Inside a newly remodeled, 1,650-square-foot space, researchers with Baylor’s Sleep Neuroscience and Cognition laboratory has been studying the impact of sleep on cognition, learning and education. KWBU’s Carlos Morales has more on the new facility and the research done.

At Baylor University’s Sleep Neuroscience and Cognition lab, students are demonstrating how a research participant would be dressed with various electrodes that help measure the brain’s electrical activity. It’s apart of research that the lab has been conducting since it first opened about a month ago. The research tests the relation between sleep and various brain activity.

The lab’s director, Michael Scullin says, ideally the lab will establish long-term relationships with participants so they can "follow whether sleep, the quality of their sleep at a certain time point can actually predict how well their memory and other things are preserved with aging.” 

The lab itself is complete with three bedrooms; each about 10x15 feet, with polysomnography equipment, which records a participant's sleep, including brain activity, the amount of oxygen in their blood, their breathing patterns, heart rate and eye movement.

Scullin says that after all the electrodes are applied, which can be anywhere from 6 to 20 depending on the study, participants are given a series of tests all before they head to sleep. 

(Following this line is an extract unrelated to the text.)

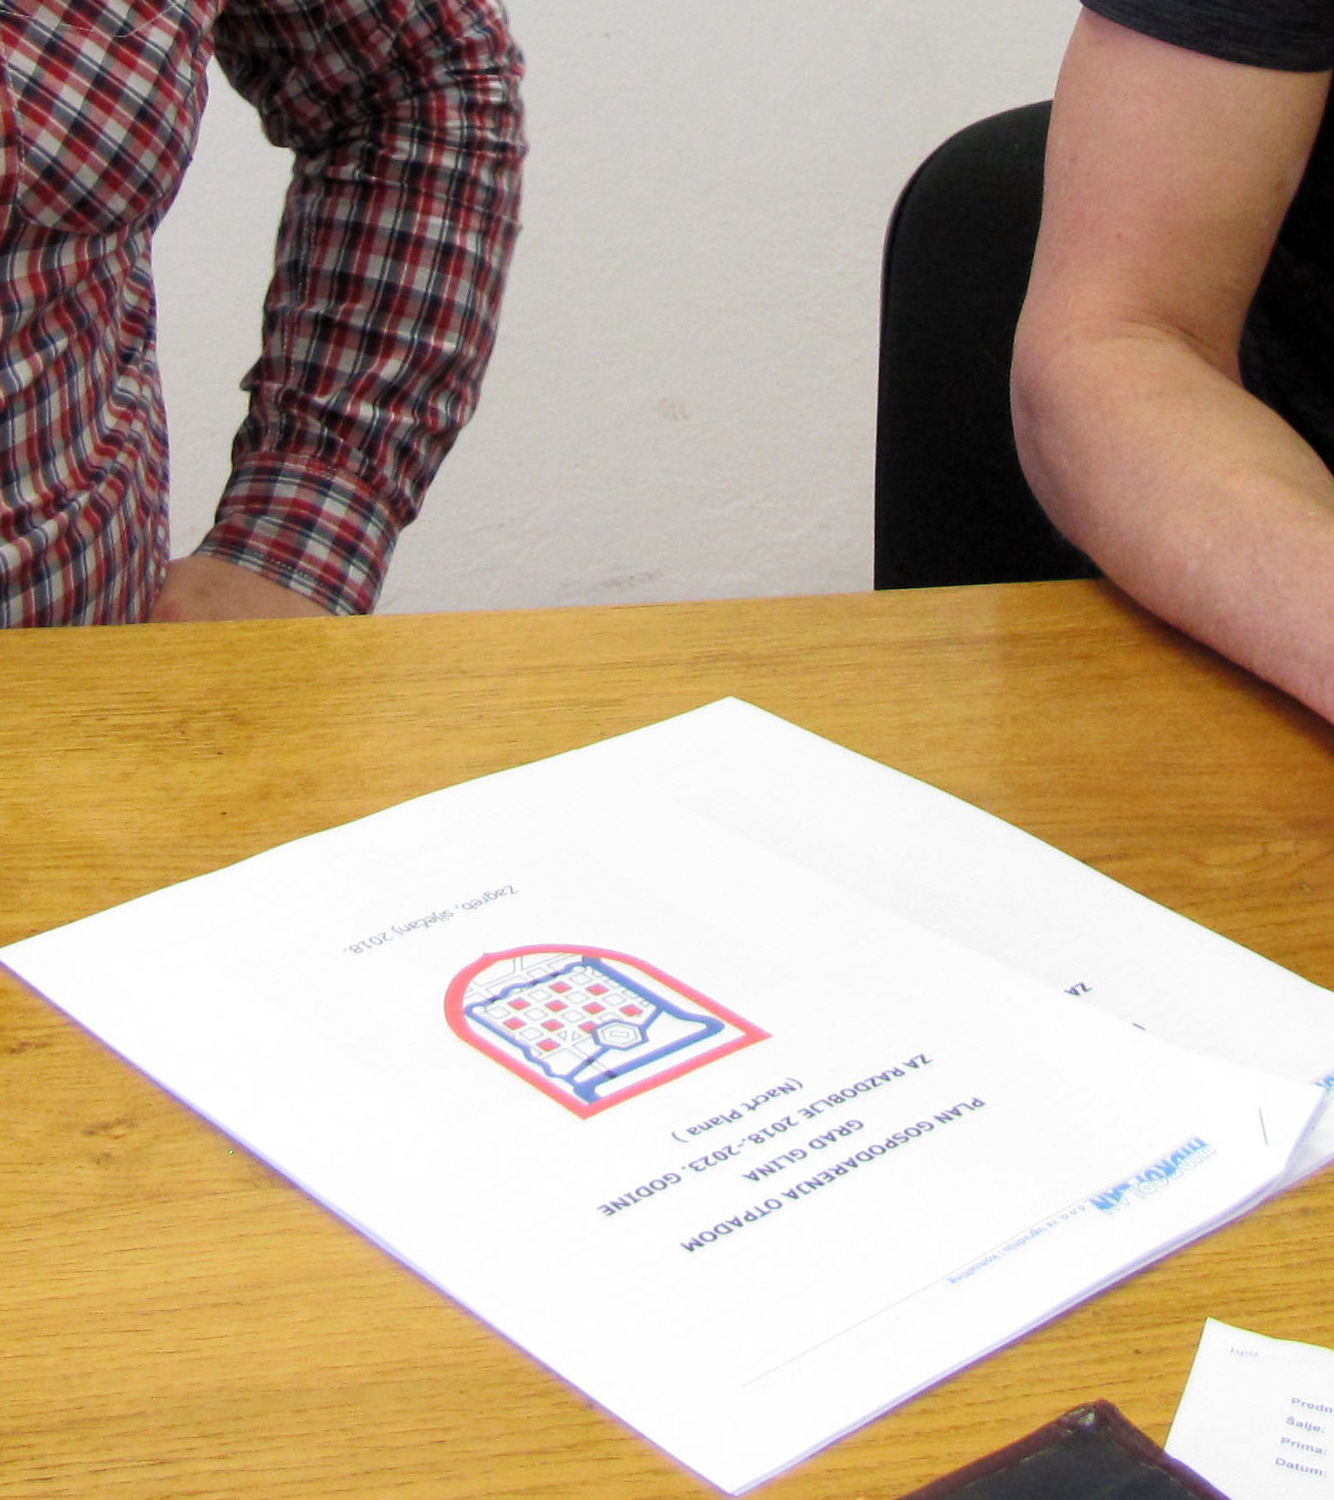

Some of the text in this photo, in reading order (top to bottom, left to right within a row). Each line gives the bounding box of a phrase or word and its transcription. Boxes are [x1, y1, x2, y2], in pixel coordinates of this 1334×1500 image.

“[W]hat we normally do is after we’re done with this process, we’d turn [the particpiant] around and start up the computer and we’d give her something like a memory test. For example we have a study, were we are showing faces of people and asking the individual, learn this faces as best as you can," Scullin says. 

After a night of sleep, participants are tested on which faces they recognize. 

Sculliln says in this particular study, researchers are trying to relate memory retention to the quality of sleep – which isn’t just measured by how long a participant slept, but also by the type of sleep stages they went through – slow wave sleep and REM sleep. Although previous research at Baylor has looked at how clinical interventions relate to sleep, there hasn’t been a specific focus on sleep physiology.

Scullin estimates about 30 people have participated in the 3-day study so far.